## Extracted information:
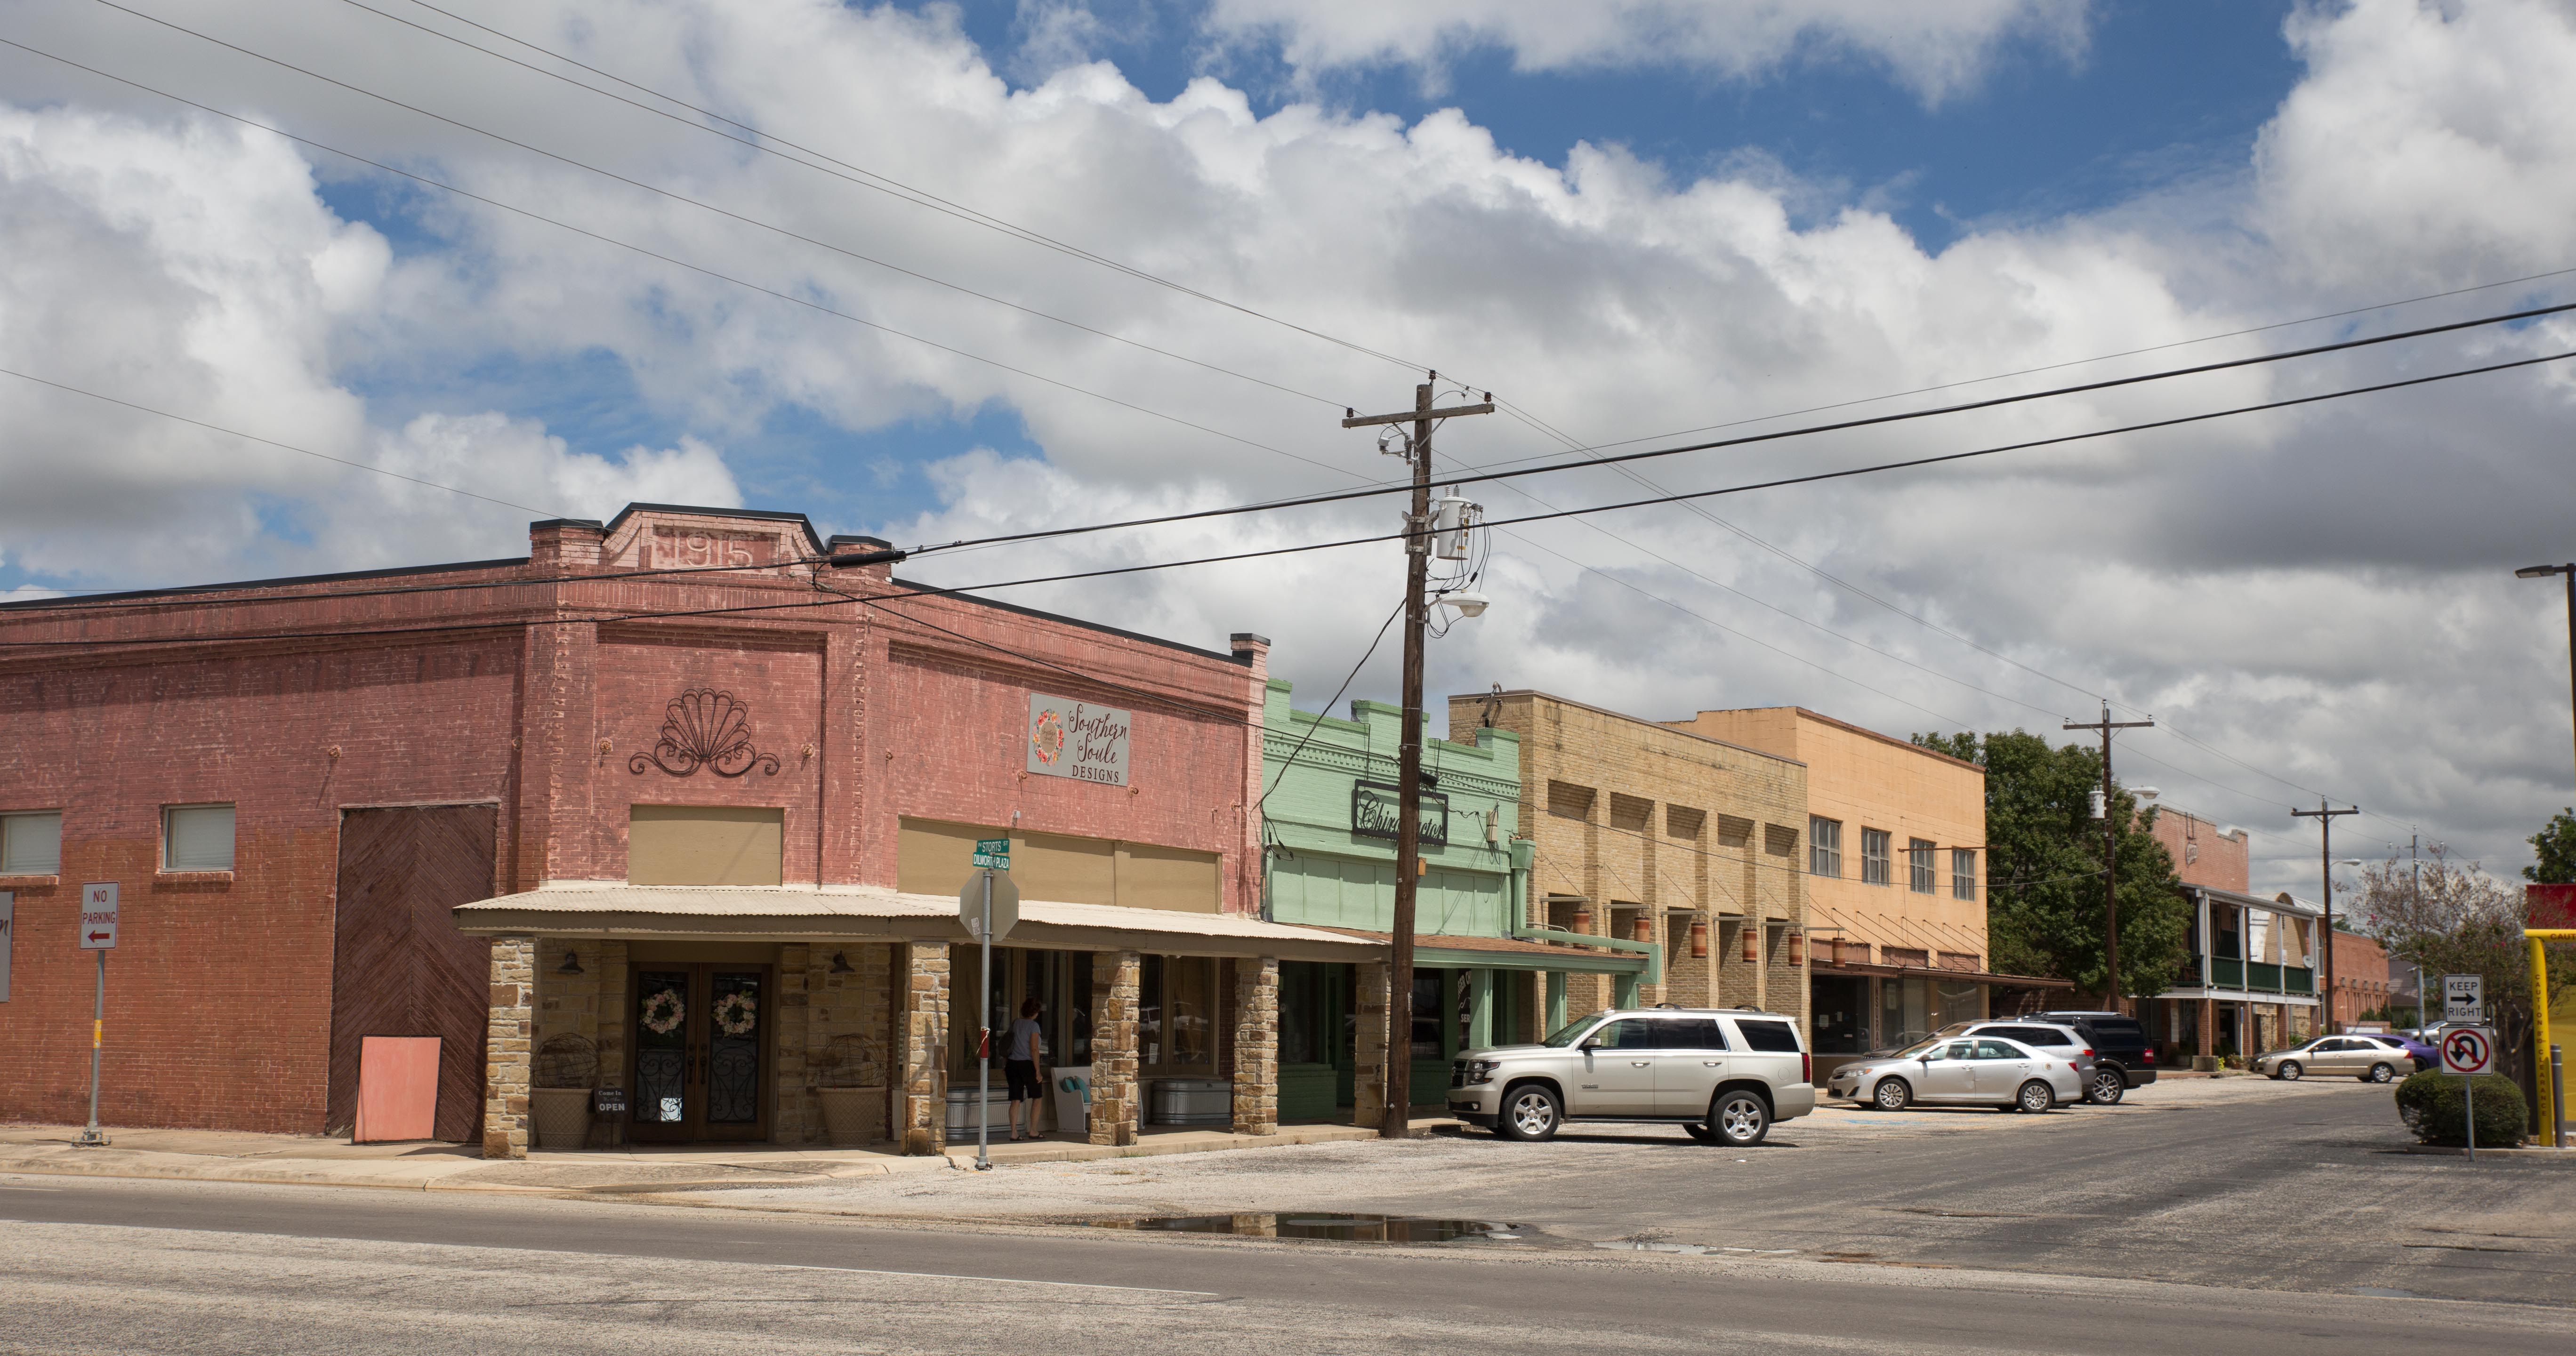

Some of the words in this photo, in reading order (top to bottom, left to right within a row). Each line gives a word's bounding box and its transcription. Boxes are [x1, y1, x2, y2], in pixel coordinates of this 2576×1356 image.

[674, 530, 753, 568] 1915
[1069, 704, 1127, 740] Southern
[1078, 733, 1118, 763] Soule
[1072, 765, 1119, 783] DESIGNS
[1360, 790, 1444, 841] Chiroctor
[982, 841, 1001, 852] STORTS
[974, 854, 996, 867] DILWORTH
[996, 857, 1009, 869] PLAZA
[93, 890, 107, 902] NO
[82, 911, 115, 924] PARKING
[2449, 982, 2478, 991] KEEP
[2535, 974, 2543, 1025] CAUTION
[2448, 1008, 2481, 1017] RIGHT
[2538, 1049, 2546, 1116] CLEARANCE
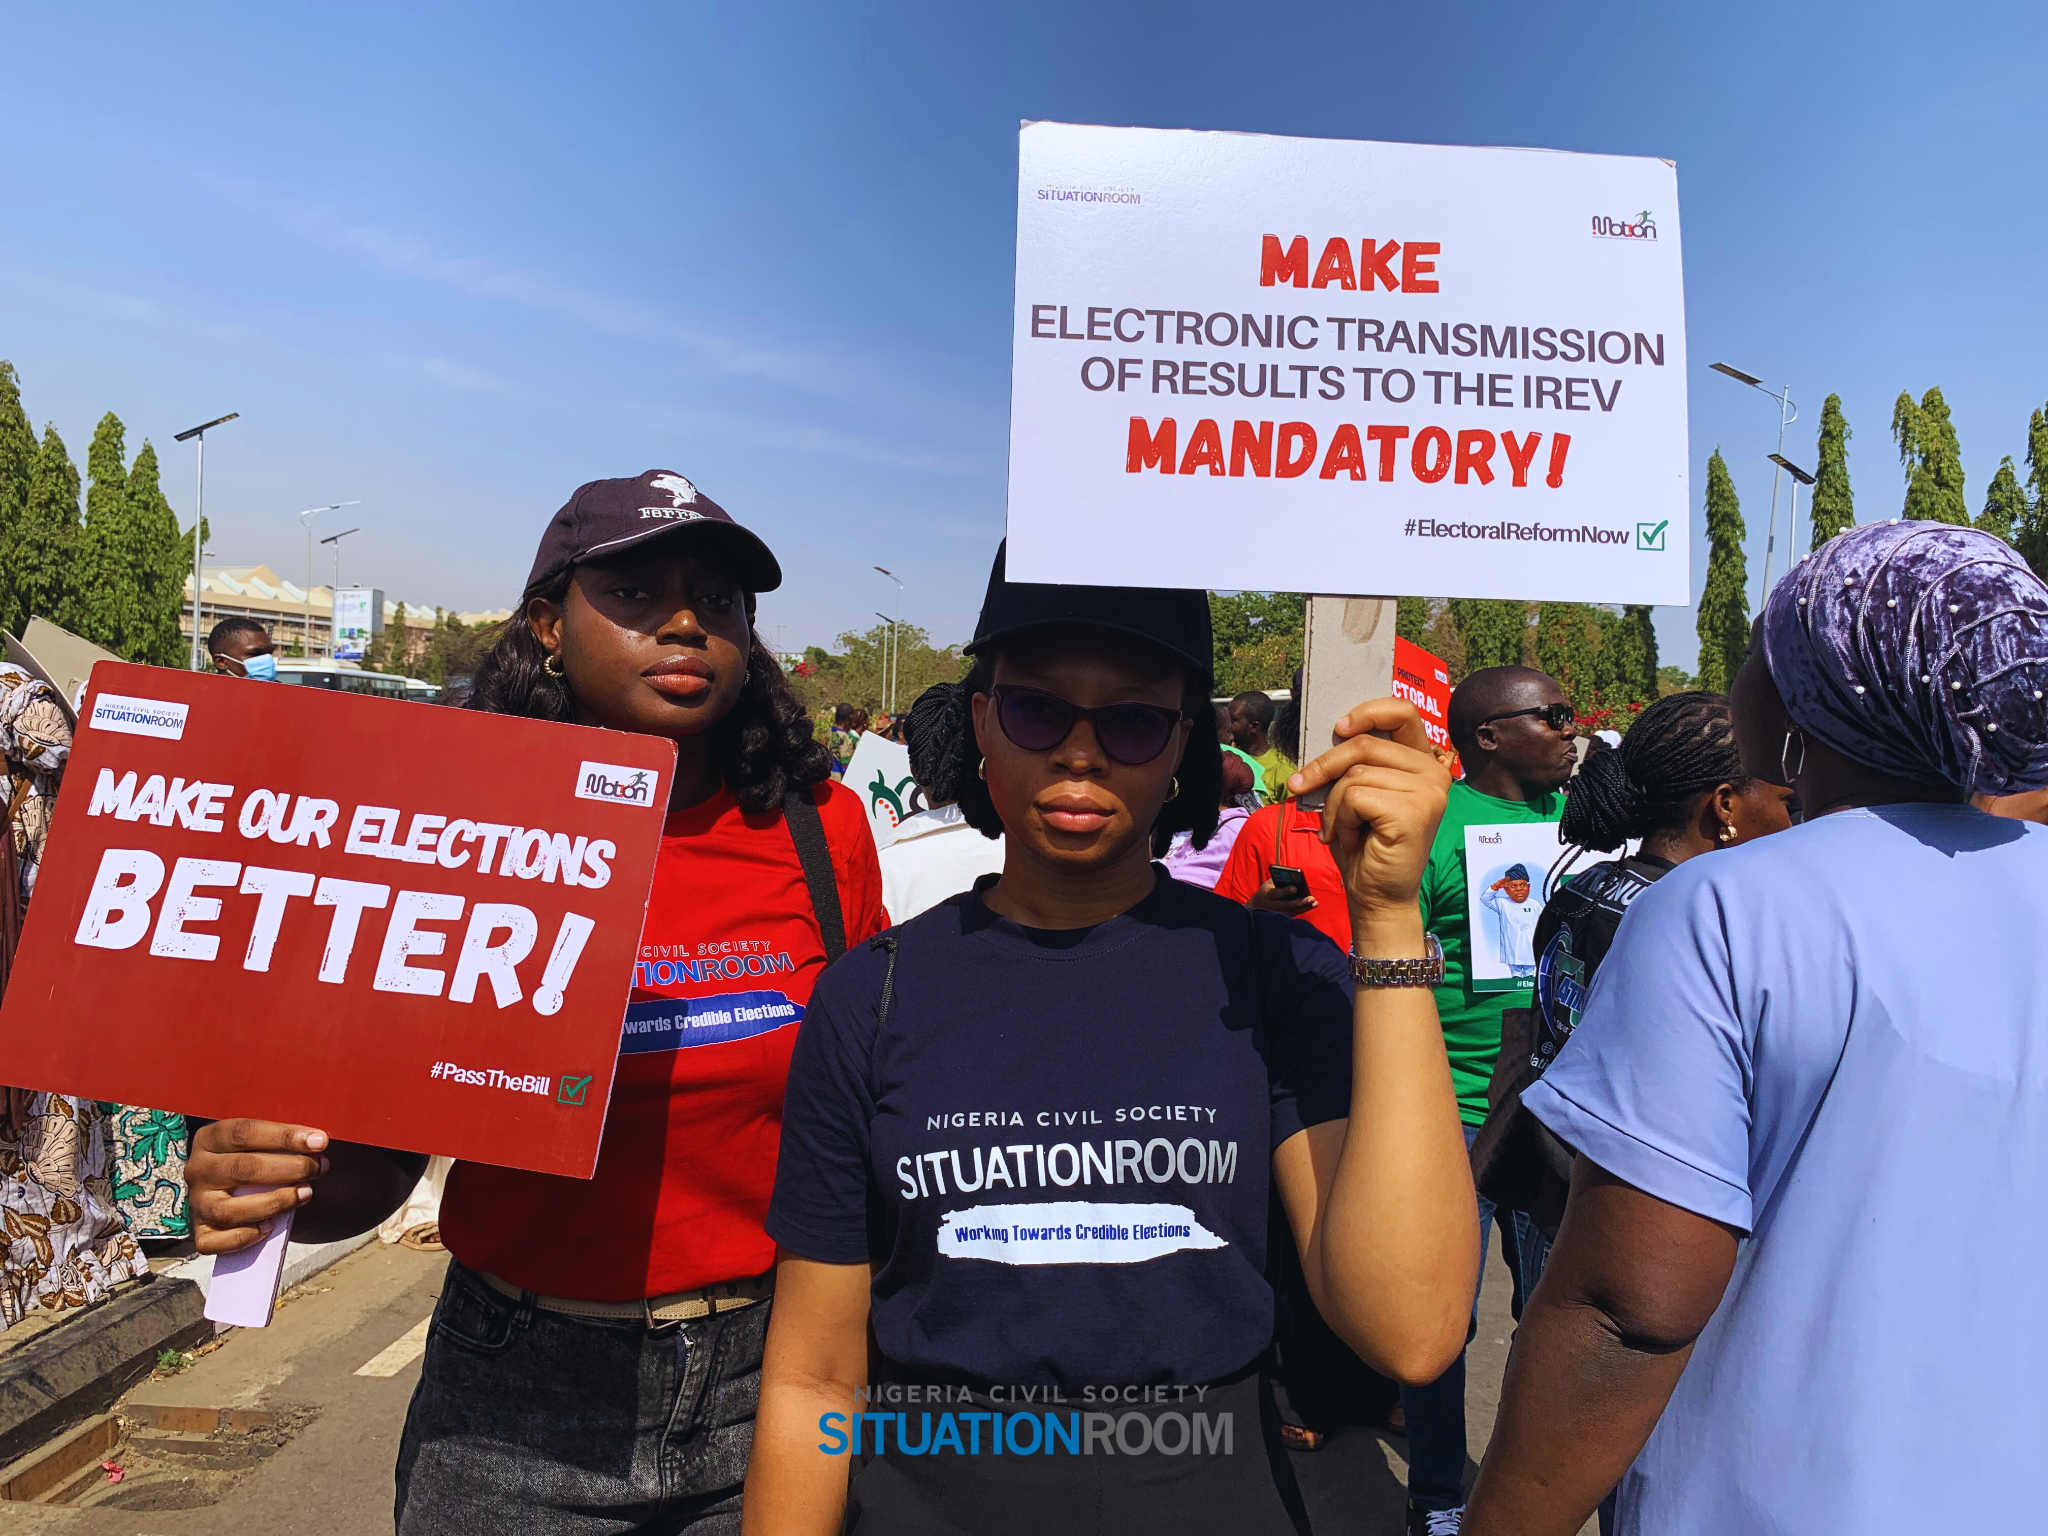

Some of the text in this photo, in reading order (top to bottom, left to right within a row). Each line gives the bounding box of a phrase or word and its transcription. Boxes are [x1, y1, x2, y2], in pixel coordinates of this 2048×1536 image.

[1037, 189, 1141, 204] SITUATIONROOM
[1259, 233, 1441, 294] MAKE
[1031, 304, 1665, 366] ELECTRONIC TRANSMISSION
[1080, 356, 1623, 412] OF RESULTS TO THE IREV
[1125, 416, 1572, 489] MANDATORY!
[1403, 518, 1630, 546] #ElectoralReformNow
[1397, 666, 1426, 690] PROTECT
[105, 703, 181, 717] NIGERIA CIVIL SOCIETY
[1391, 679, 1442, 718] CTORAL
[95, 707, 184, 729] SITUATIONROOM
[1422, 717, 1448, 747] RS?
[87, 767, 617, 889] MAKE OUR ELECTIONS
[74, 848, 596, 1016] BETTER!
[641, 940, 771, 958] CIVIL SOCIETY
[623, 1002, 796, 1035] wards Credible Elections
[430, 1061, 551, 1096] #PassTheBill
[926, 1105, 1217, 1131] NIGERIA CIVIL SOCIETY
[896, 1137, 1238, 1200] SITUATIONROOM
[955, 1223, 1191, 1244] Working Towards Credible Elections
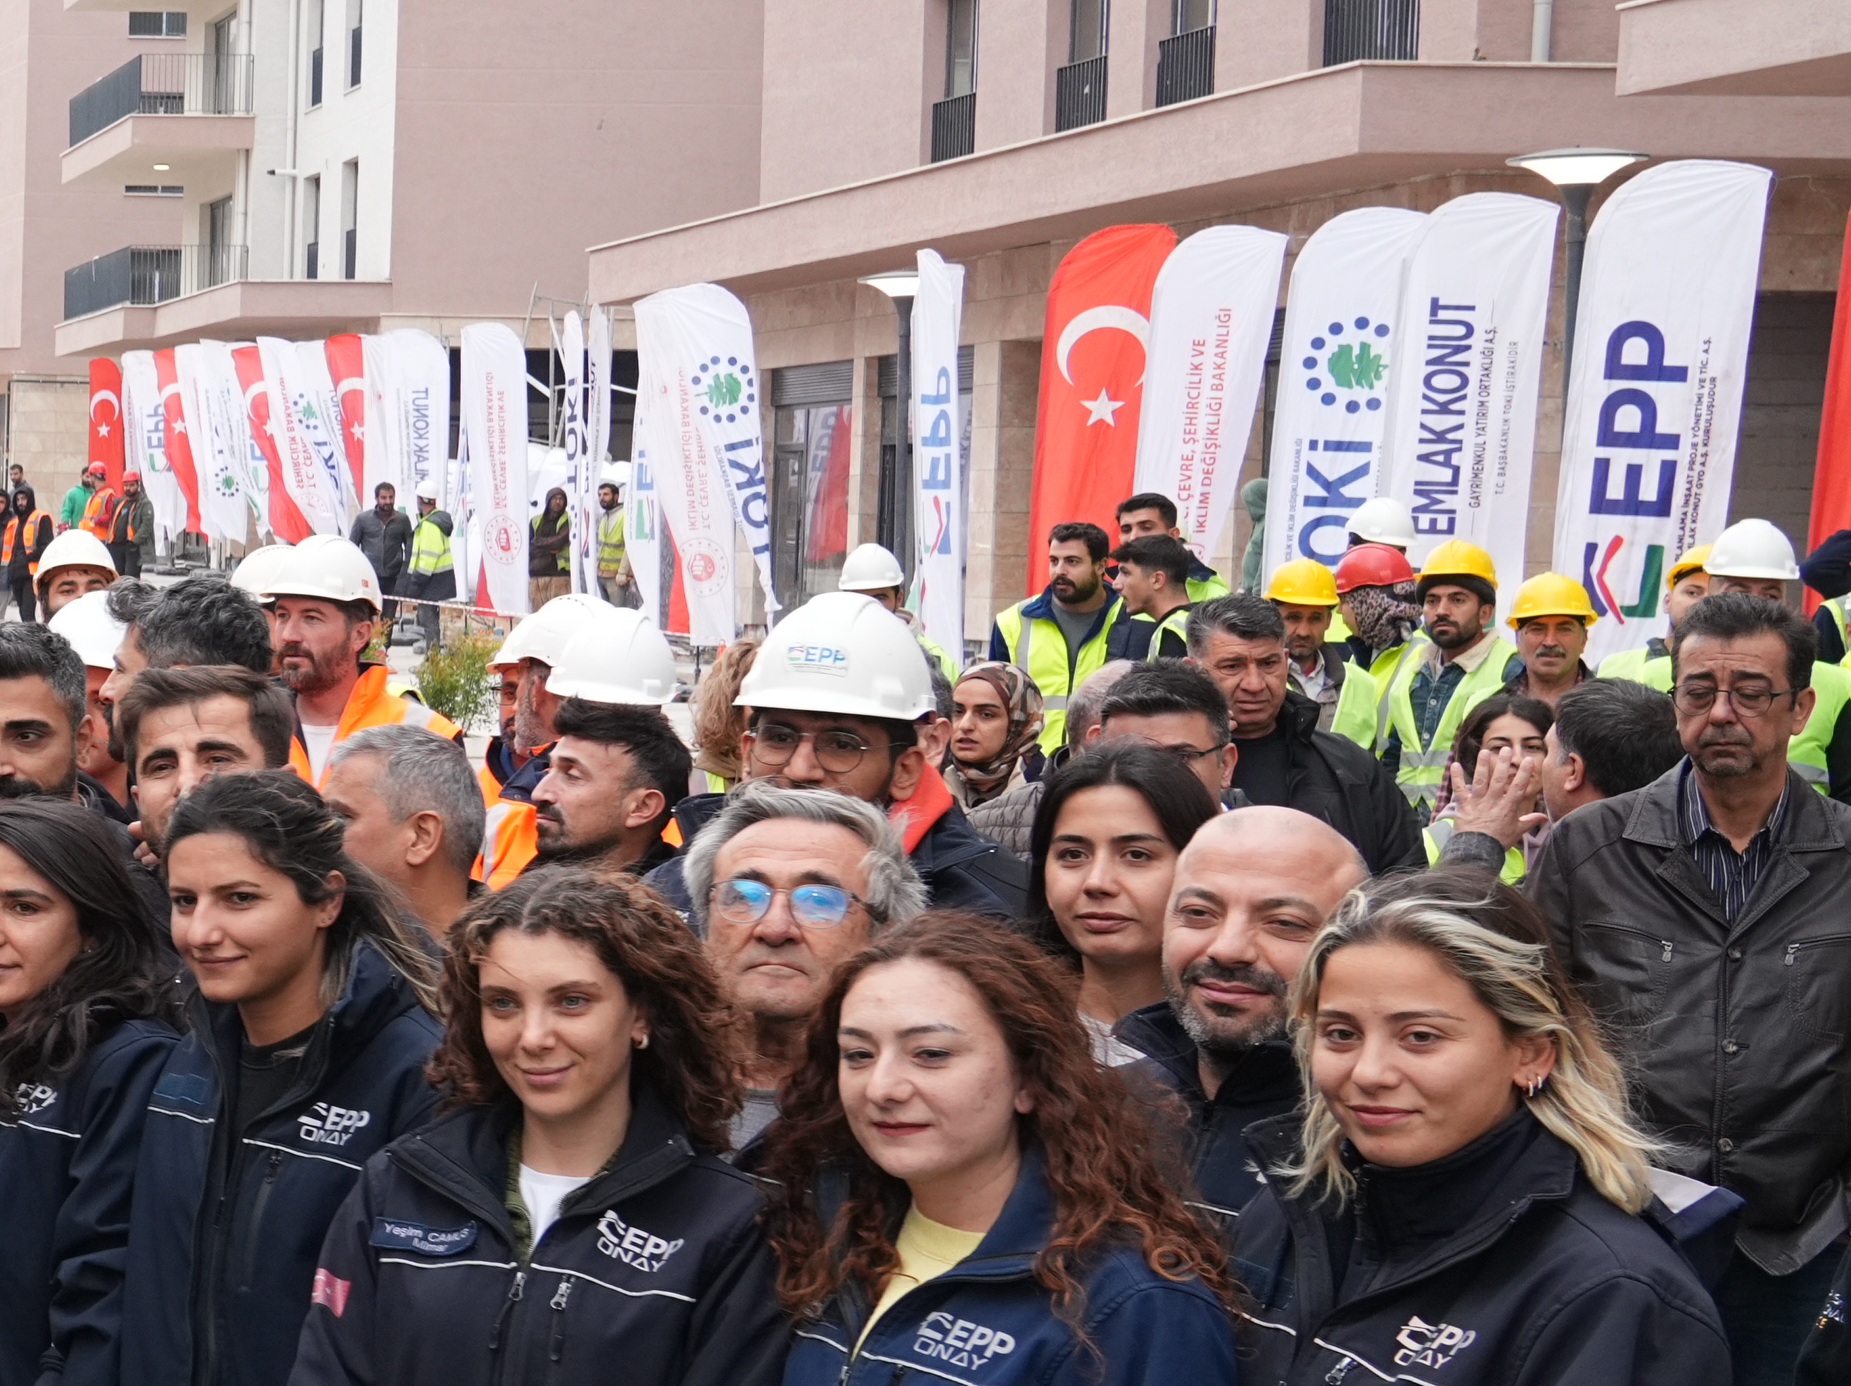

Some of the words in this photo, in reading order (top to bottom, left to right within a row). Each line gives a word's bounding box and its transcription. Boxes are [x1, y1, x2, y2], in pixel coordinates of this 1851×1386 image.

## Prompt:
Please transcribe the entries precisely and omit any images they hold.

## Worked solution:
Some of the words in this photo, in reading order (top to bottom, left to right within a row). Each line gives a word's bounding box and its transcription. Boxes are [x1, y1, x2, y2], in pixel coordinates of this 2576×1356 image.

[674, 530, 753, 568] 1915
[1069, 704, 1127, 740] Southern
[1078, 733, 1118, 763] Soule
[1072, 765, 1119, 783] DESIGNS
[1360, 790, 1444, 841] Chiroctor
[982, 841, 1001, 852] STORTS
[974, 854, 996, 867] DILWORTH
[996, 857, 1009, 869] PLAZA
[93, 890, 107, 902] NO
[82, 911, 115, 924] PARKING
[2449, 982, 2478, 991] KEEP
[2535, 974, 2543, 1025] CAUTION
[2448, 1008, 2481, 1017] RIGHT
[2538, 1049, 2546, 1116] CLEARANCE

Some of the text in this photo, in reading order (top to bottom, left to right within a row). Each line gives the bounding box of a phrase or word and its transcription. Boxes are [x1, y1, x2, y2], in pixel coordinates of this 2048×1536 image.

[1037, 189, 1141, 204] SITUATIONROOM
[1259, 233, 1441, 294] MAKE
[1031, 304, 1665, 366] ELECTRONIC TRANSMISSION
[1080, 356, 1623, 412] OF RESULTS TO THE IREV
[1125, 416, 1572, 489] MANDATORY!
[1403, 518, 1630, 546] #ElectoralReformNow
[1397, 666, 1426, 690] PROTECT
[105, 703, 181, 717] NIGERIA CIVIL SOCIETY
[1391, 679, 1442, 718] CTORAL
[95, 707, 184, 729] SITUATIONROOM
[1422, 717, 1448, 747] RS?
[87, 767, 617, 889] MAKE OUR ELECTIONS
[74, 848, 596, 1016] BETTER!
[641, 940, 771, 958] CIVIL SOCIETY
[623, 1002, 796, 1035] wards Credible Elections
[430, 1061, 551, 1096] #PassTheBill
[926, 1105, 1217, 1131] NIGERIA CIVIL SOCIETY
[896, 1137, 1238, 1200] SITUATIONROOM
[955, 1223, 1191, 1244] Working Towards Credible Elections

Some of the words in this photo, in reading order (top to bottom, left to right within a row). Each line gives a word's bounding box and its transcription. Boxes are [x1, y1, x2, y2], in pixel coordinates of this 1851×1386 image.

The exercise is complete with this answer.